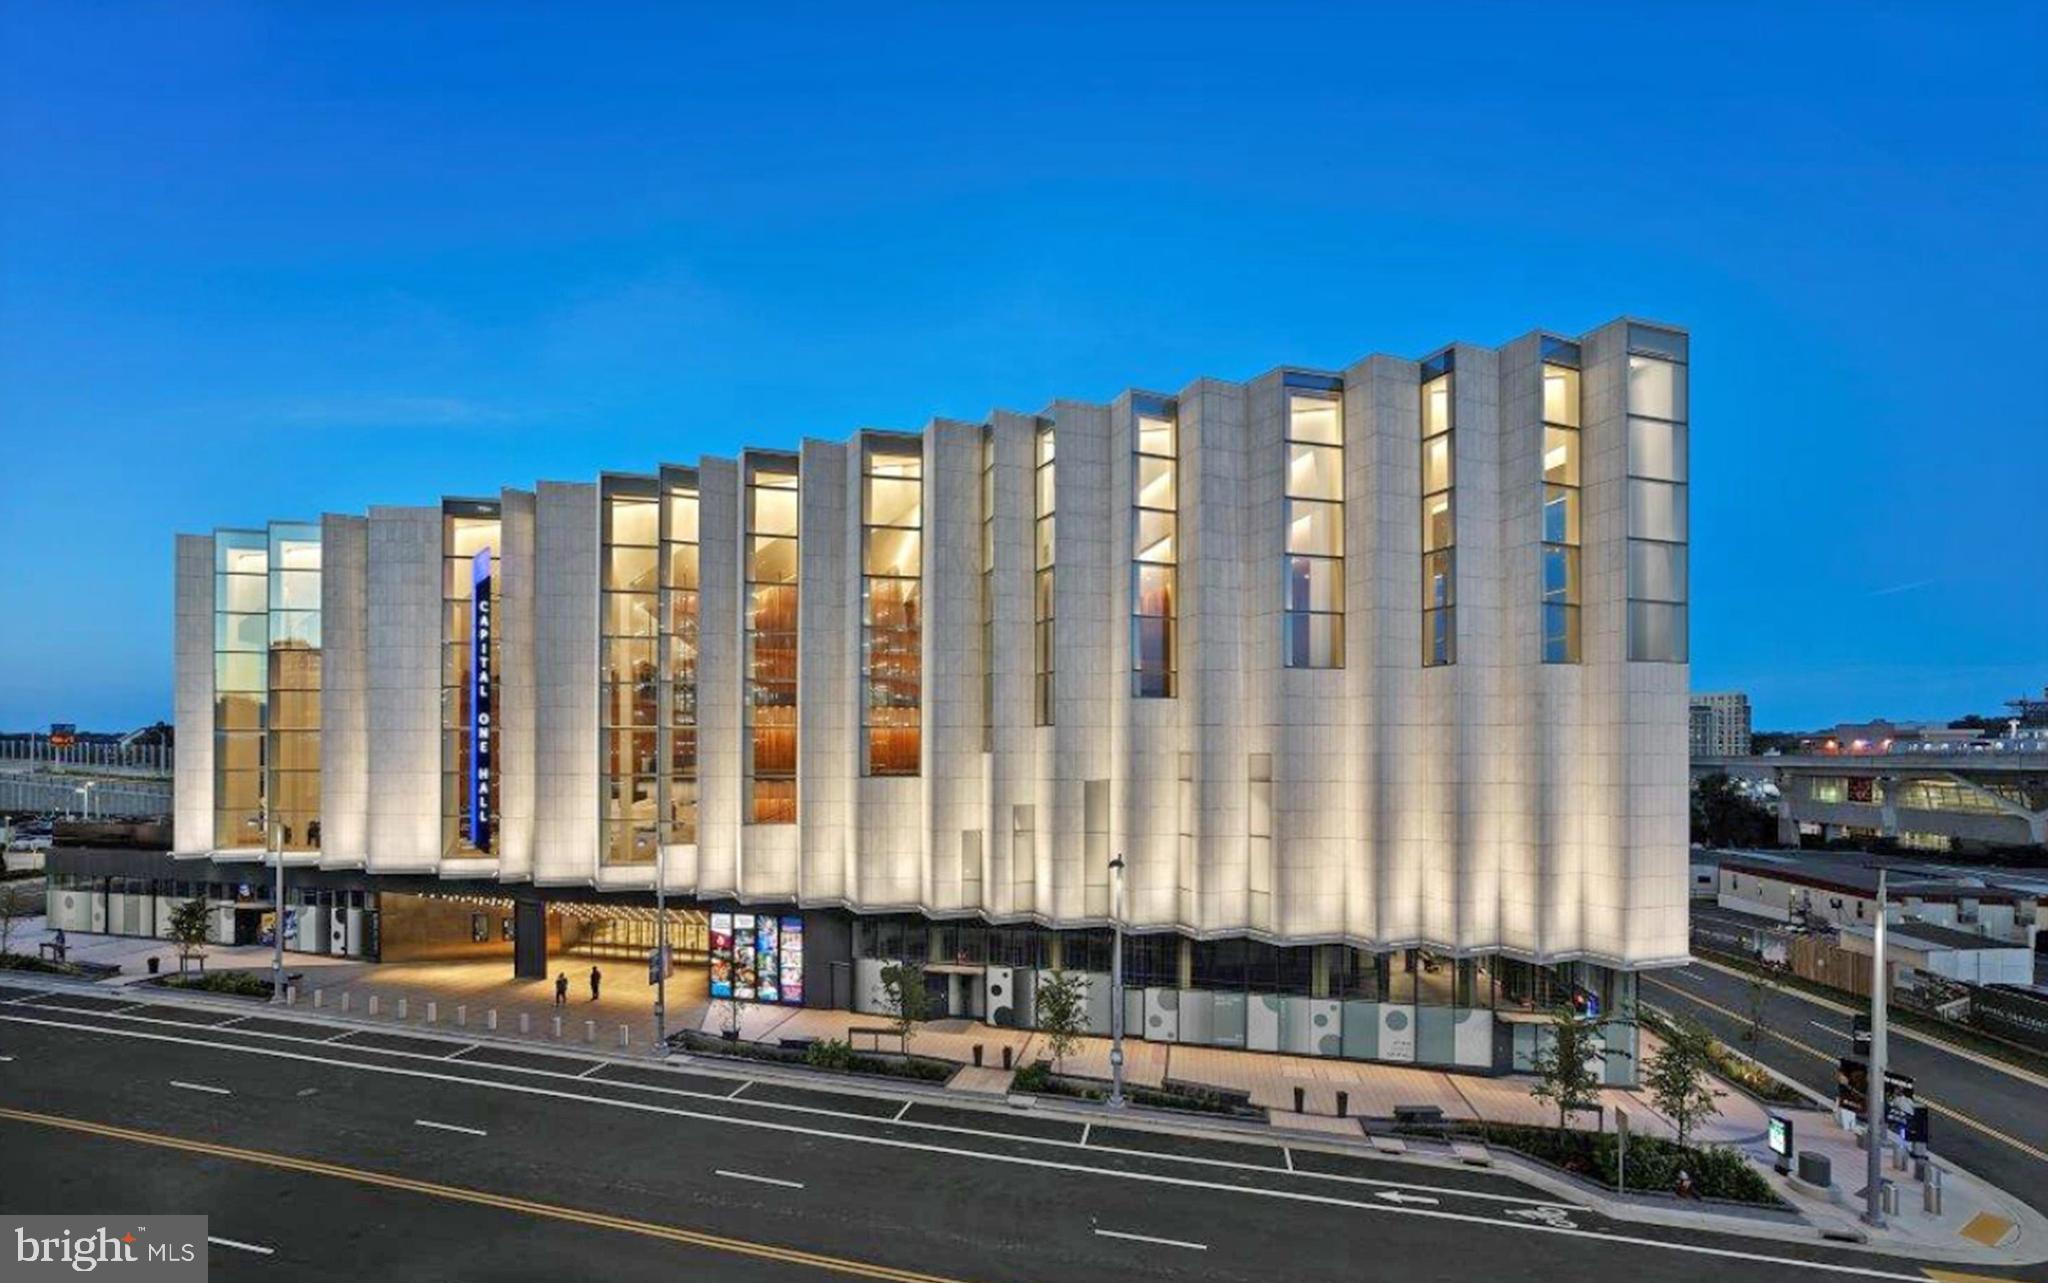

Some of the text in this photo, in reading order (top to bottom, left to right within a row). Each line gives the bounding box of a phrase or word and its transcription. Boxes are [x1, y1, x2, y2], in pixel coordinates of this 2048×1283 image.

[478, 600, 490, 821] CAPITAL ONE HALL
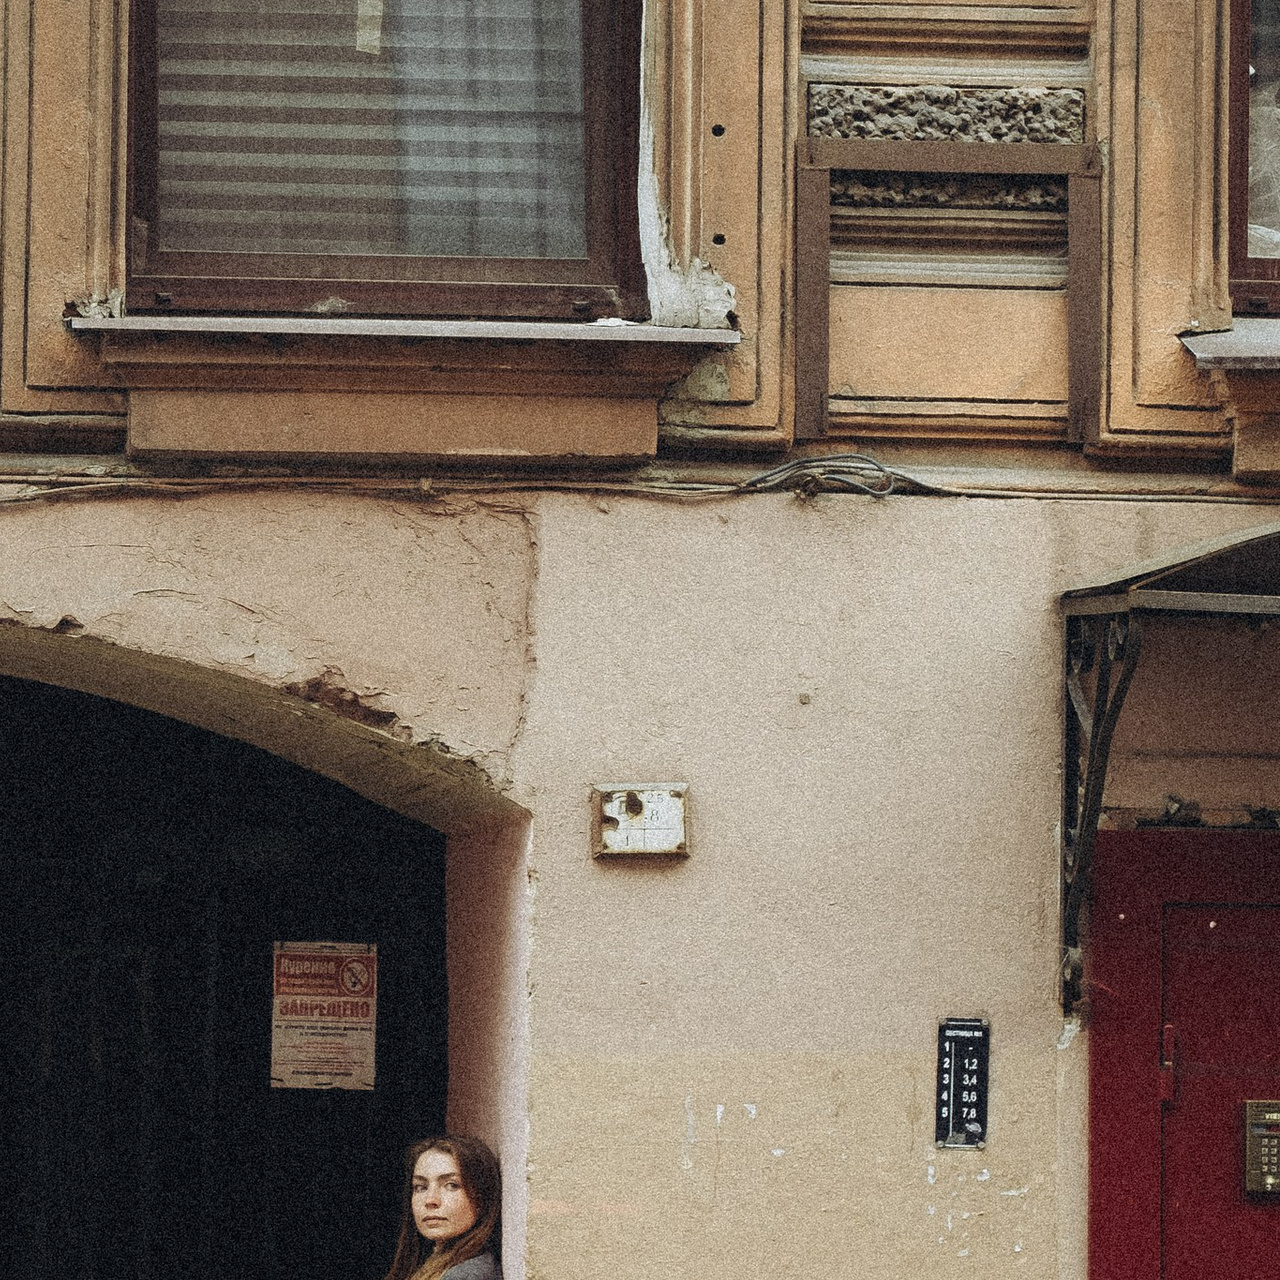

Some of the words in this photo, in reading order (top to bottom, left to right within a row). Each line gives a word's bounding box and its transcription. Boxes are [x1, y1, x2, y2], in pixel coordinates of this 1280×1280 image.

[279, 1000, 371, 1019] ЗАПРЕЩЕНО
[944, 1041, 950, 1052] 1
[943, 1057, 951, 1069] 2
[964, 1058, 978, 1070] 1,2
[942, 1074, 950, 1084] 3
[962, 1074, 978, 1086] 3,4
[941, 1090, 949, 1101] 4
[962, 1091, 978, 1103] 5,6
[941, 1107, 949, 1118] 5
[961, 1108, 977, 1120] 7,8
--------------------
- Task description: Exactly the lines from the one containing "Some of the words" to the final line of the data, both included, should be printed, and nothing more.

- Your response:
Some of the words in this photo, in reading order (top to bottom, left to right within a row). Each line gives a word's bounding box and its transcription. Boxes are [x1, y1, x2, y2], in pixel coordinates of this 1280×1280 image.

[279, 1000, 371, 1019] ЗАПРЕЩЕНО
[944, 1041, 950, 1052] 1
[943, 1057, 951, 1069] 2
[964, 1058, 978, 1070] 1,2
[942, 1074, 950, 1084] 3
[962, 1074, 978, 1086] 3,4
[941, 1090, 949, 1101] 4
[962, 1091, 978, 1103] 5,6
[941, 1107, 949, 1118] 5
[961, 1108, 977, 1120] 7,8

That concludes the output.